Rape victims are as involved as any other woman, because now they will be forced to legally proved that they have been raped in order to get out of printing the information surrounding their rape in their local paper.

Who do they have to prove that to, exactly? Do they get to go to court and argue it in front of a judge, in order to be excused from this whole sordid mess? Do only reported rapes count, and women too uncomfortable with the legal process of reporting the crime get to choose between pursuing it in the legal system or sucking it up and publishing the account in the paper?

As for incest victims, it affects them as well, since the majority of underage women raped by family members do not report the crime. So, if a 14 year old girl turns up pregnant and opts to carry it to term, she, like the rape victim, either has to prove her daddy did it, or publish an account in the paper.

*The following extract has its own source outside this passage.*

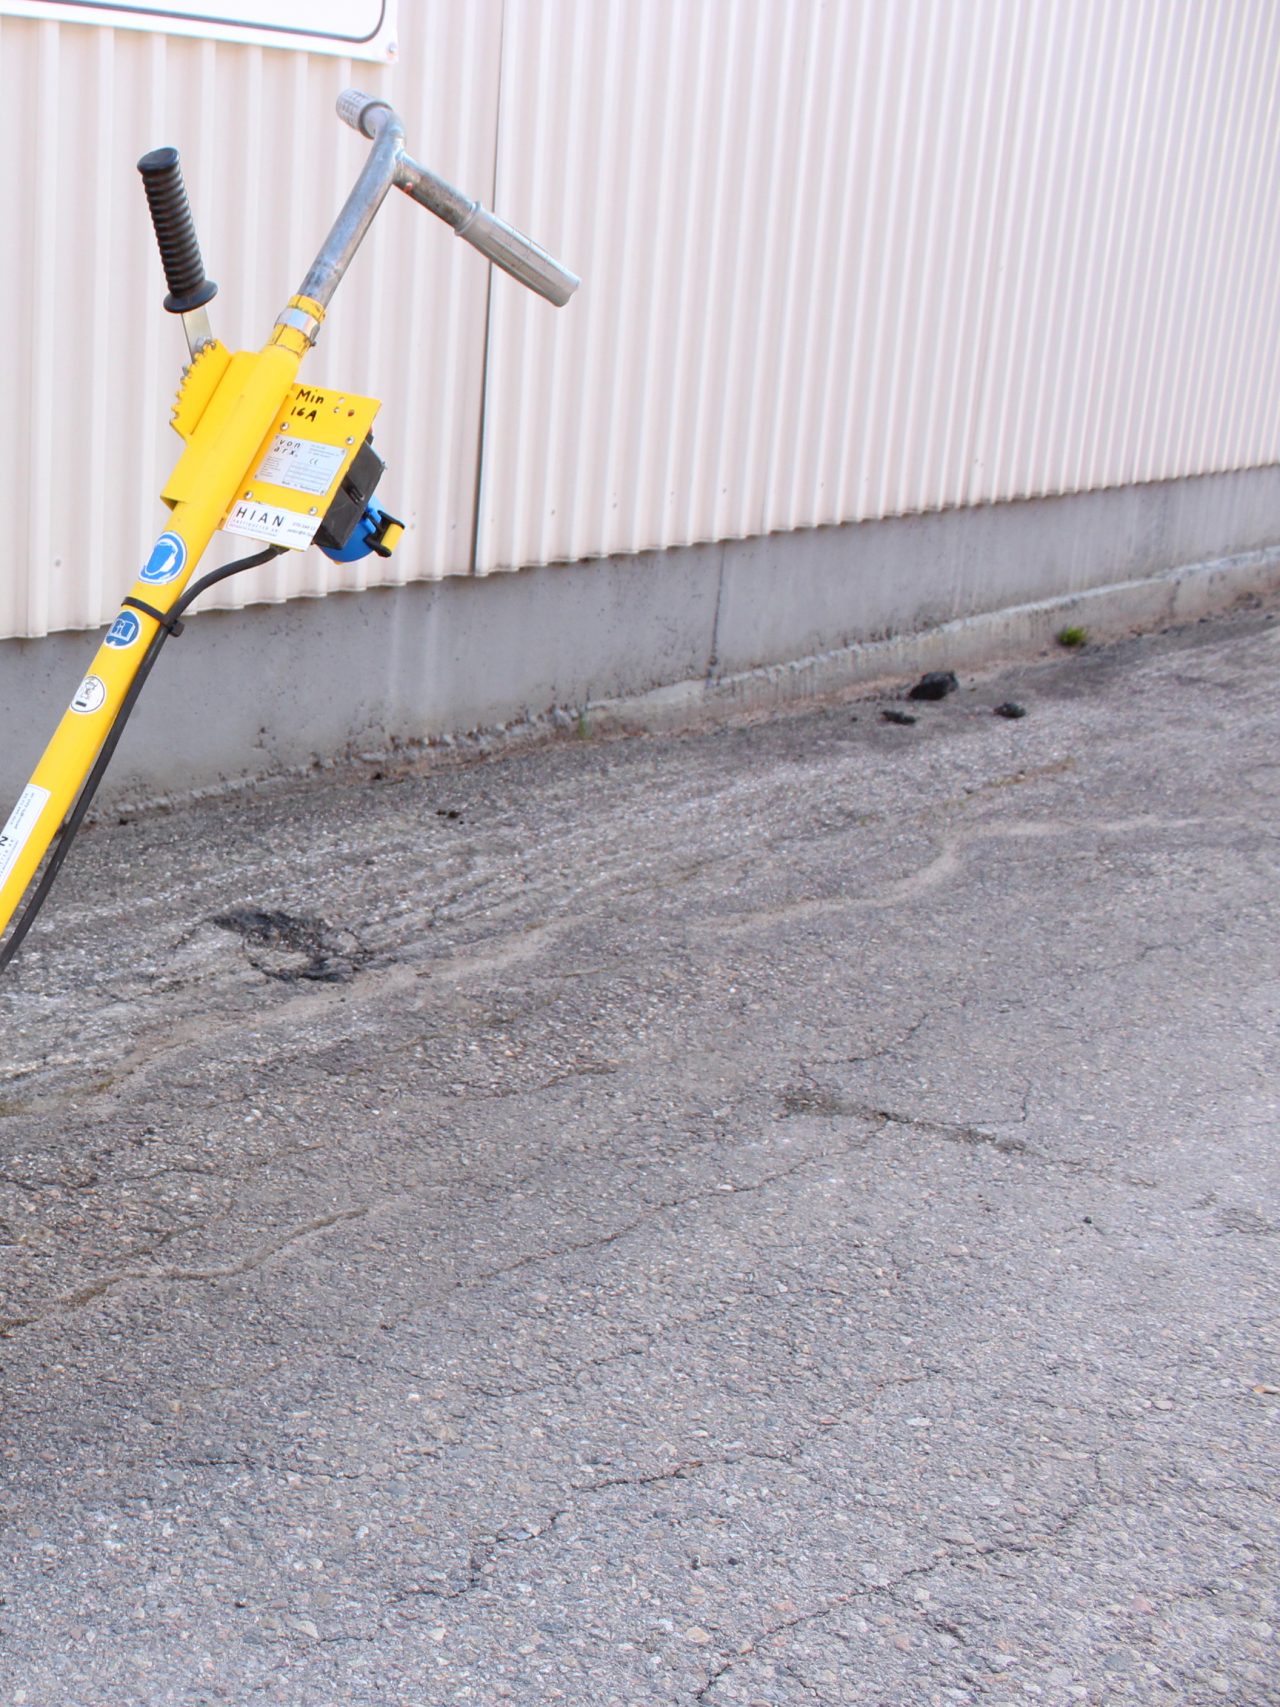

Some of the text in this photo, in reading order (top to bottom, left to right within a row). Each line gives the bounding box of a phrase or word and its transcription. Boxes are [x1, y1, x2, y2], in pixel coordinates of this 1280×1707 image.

[296, 388, 325, 404] Min
[291, 406, 318, 423] 16A
[279, 439, 301, 449] von
[236, 506, 285, 527] HIAN

So, pregnant women have a few options - and no one single woman considering adoption has any privacy with this ruling, since I can either read her sexual history in the paper, or, if her history wasn't reported, I get to know that either her Daddy impregnated her, or a rapist did.
posted by kristin at 10:10 AM on August 8, 2002


amen, adam.
posted by witchstone at 10:12 AM on August 8, 2002


Yes, Adam. Of course it's possible. But it doesn't happen nearly as much as the opposite. You and I know it.
posted by aacheson at 10:19 AM on August 8, 2002


Of course it's possible.

No, it's not just possible, it happens.

Sure, it may not happen as often,

I seem to see your point.
posted by adampsyche at 10:21 AM on August 8, 2002


I understand the guys' feelings on this. I really do. But I just feel that since it's women's bodies, men just don't have much say at all. That's just the way it is. Just as men have the right to walk out and ignore the pregnancy and women can't, thus women have the right to do what they want when they're pregnant.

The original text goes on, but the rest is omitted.